◆ Exercise: When you copy the entries, match them exactly and omit the pictures.
---------- Information shown ----------
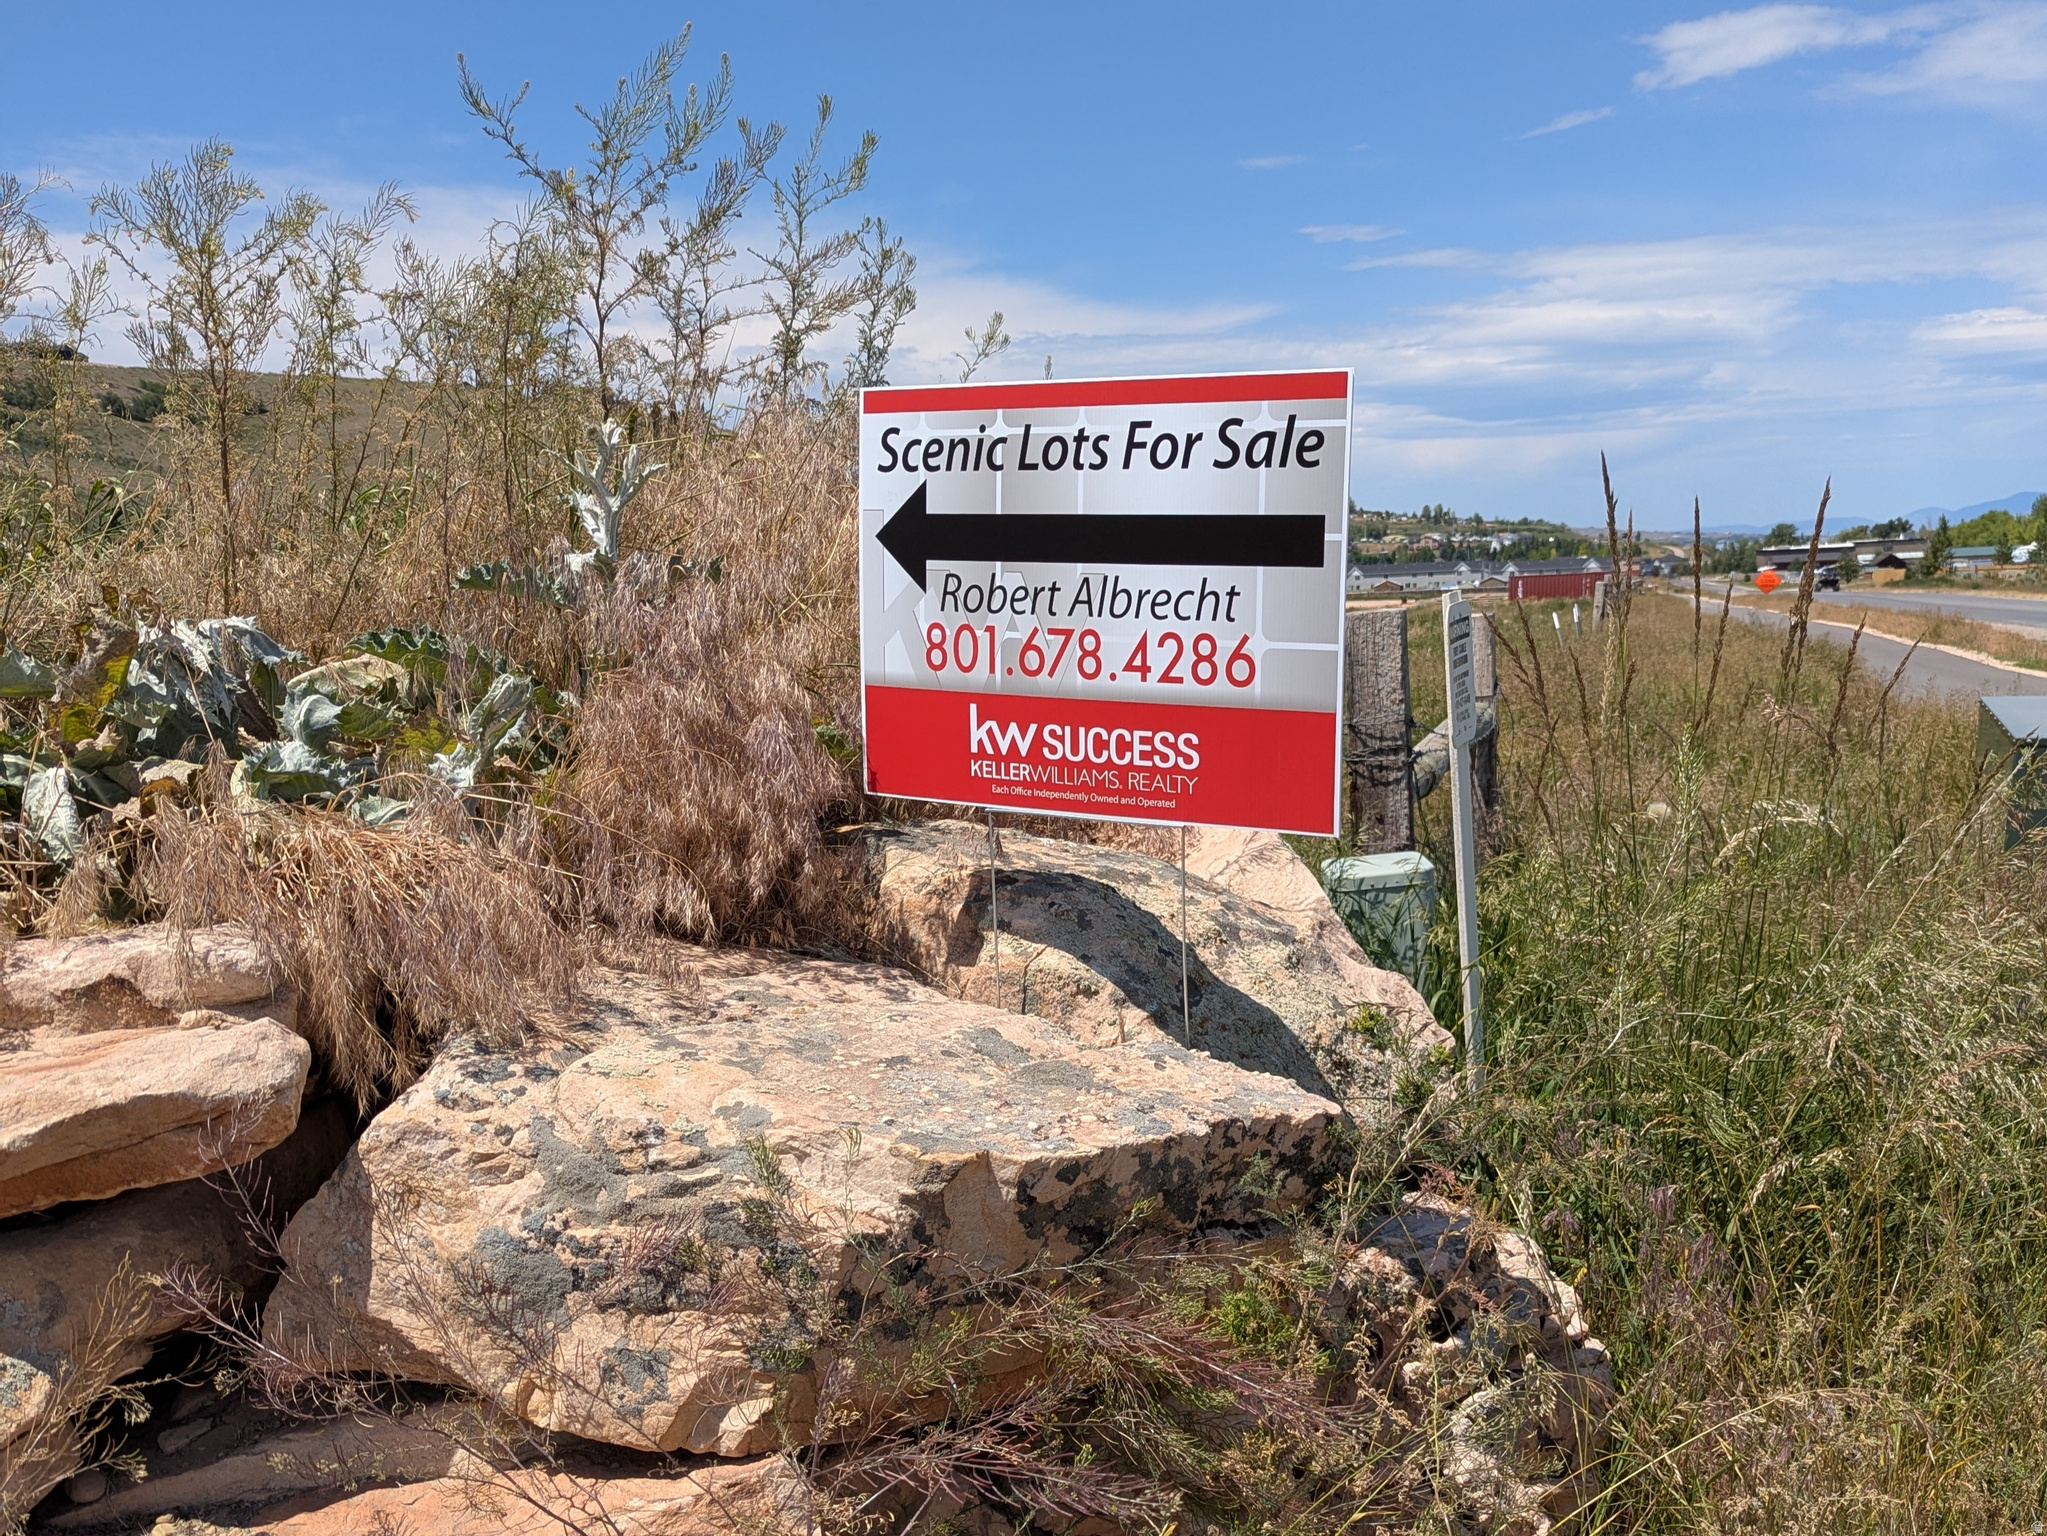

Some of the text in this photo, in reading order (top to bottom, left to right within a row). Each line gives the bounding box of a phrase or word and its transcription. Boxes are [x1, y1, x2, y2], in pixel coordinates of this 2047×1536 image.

[877, 413, 1326, 473] Scenic Lots For Sale
[939, 572, 1241, 623] Robert Albrecht
[925, 621, 1257, 689] 801.678.4286
[1042, 724, 1200, 770] SUCCESS
[991, 784, 1176, 809] Each Office Independently Owned and Operated
[1128, 772, 1199, 795] REALTY
----------
◆ Result:
Some of the text in this photo, in reading order (top to bottom, left to right within a row). Each line gives the bounding box of a phrase or word and its transcription. Boxes are [x1, y1, x2, y2], in pixel coordinates of this 2047×1536 image.

[877, 413, 1326, 473] Scenic Lots For Sale
[939, 572, 1241, 623] Robert Albrecht
[925, 621, 1257, 689] 801.678.4286
[1042, 724, 1200, 770] SUCCESS
[991, 784, 1176, 809] Each Office Independently Owned and Operated
[1128, 772, 1199, 795] REALTY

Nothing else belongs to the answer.